In Deutschland hat es niemals eine wirkliche Aufarbeitung und Abrechnung mit den monströsen Verbrechen der Nazidiktatur, geschweige denn mit den dafür Verantwortlichen gegeben.

Jahrzehntelang war es notwendig, den SS-Schergen in den KZs konkrete Morde an bestimmten Personen nachzuweisen, damit sie überhaupt angeklagt werden konnten. Dies war oft schon deshalb sehr schwierig oder unmöglich, weil immer weniger Zeitzeugen noch am Leben waren. Das änderte sich erst mit dem Demjanjuk-Prozess, der im Mai 2011 mit der Verurteilung des Angeklagten zu Ende ging. Seit diesem Urteil kann jeder, der in irgendeiner Form an systematischen Tötungen in Konzentrationslagern beteiligt war, der Beihilfe zum Mord angeklagt werden. Erstmals wurde systematisch nach noch lebenden SS-Leuten, die sich am Holocaust beteiligt hatten, gesucht.

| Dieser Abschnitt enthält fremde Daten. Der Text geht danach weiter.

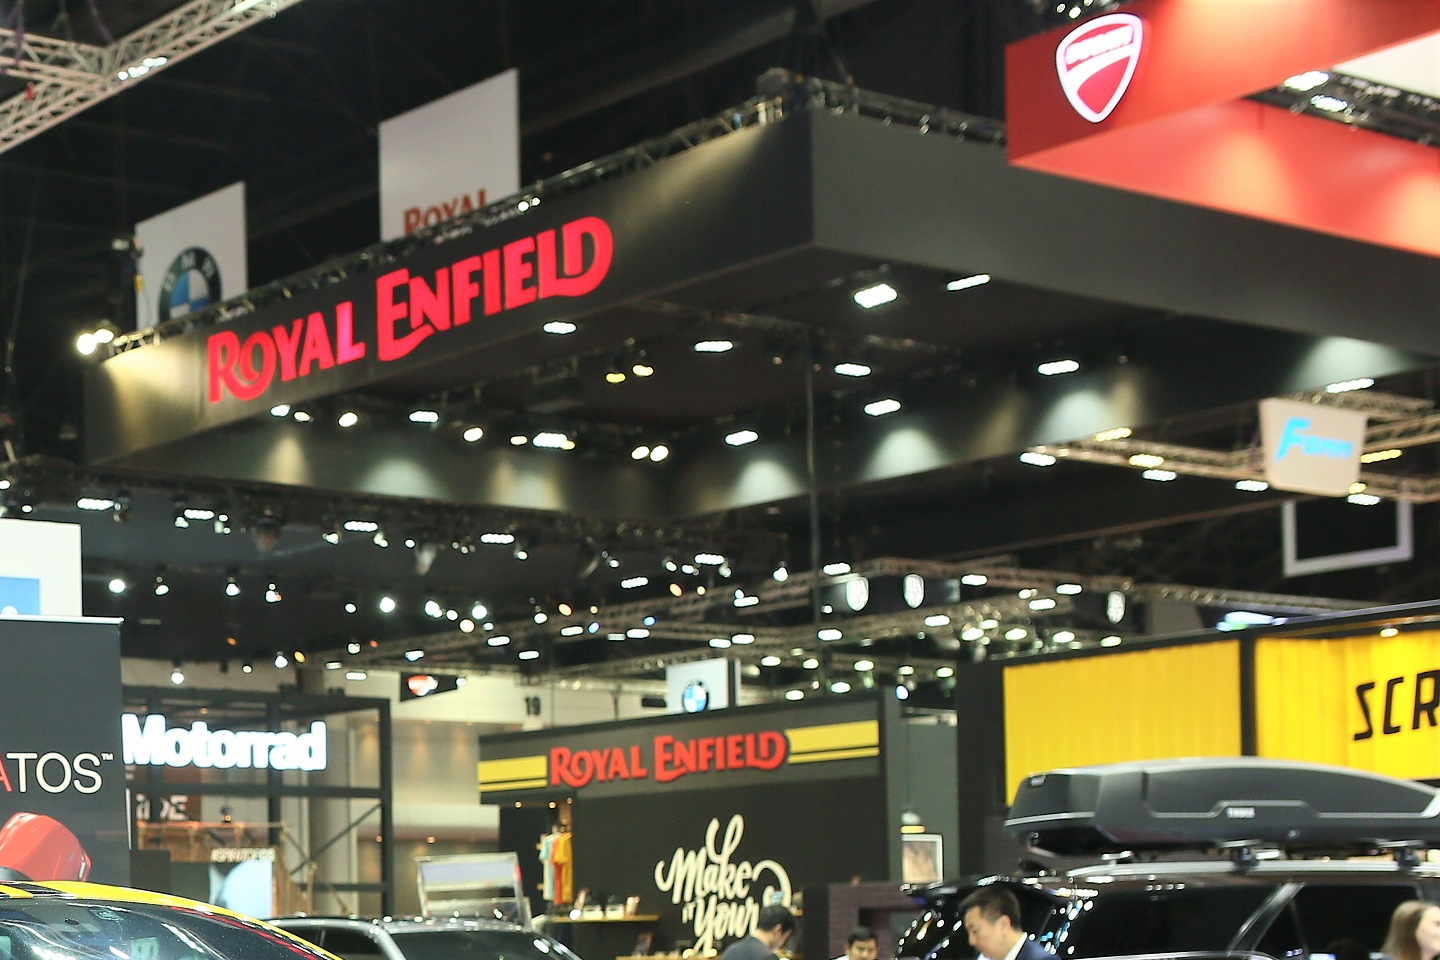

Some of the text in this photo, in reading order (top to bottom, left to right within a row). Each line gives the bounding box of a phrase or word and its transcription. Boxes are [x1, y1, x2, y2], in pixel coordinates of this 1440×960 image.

Im Jahr 2015 kam es zum Prozess gegen den ehemaligen SS-Mann Oskar Gröning, der in Auschwitz tätig war und dort auch an der Rampe eingesetzt wurde. Grönings Verurteilung wegen Beihilfe zum Mord an mehr als 300.000 Juden im Konzentrations- und Vernichtungslager Auschwitz wurde im September 2016 vom Bundesgerichtshof bestätigt. Seine Haft hat er jedoch nicht mehr antreten müssen. Gröning verstarb im März 2018 im Alter von 96 Jahren in einem Krankenhaus.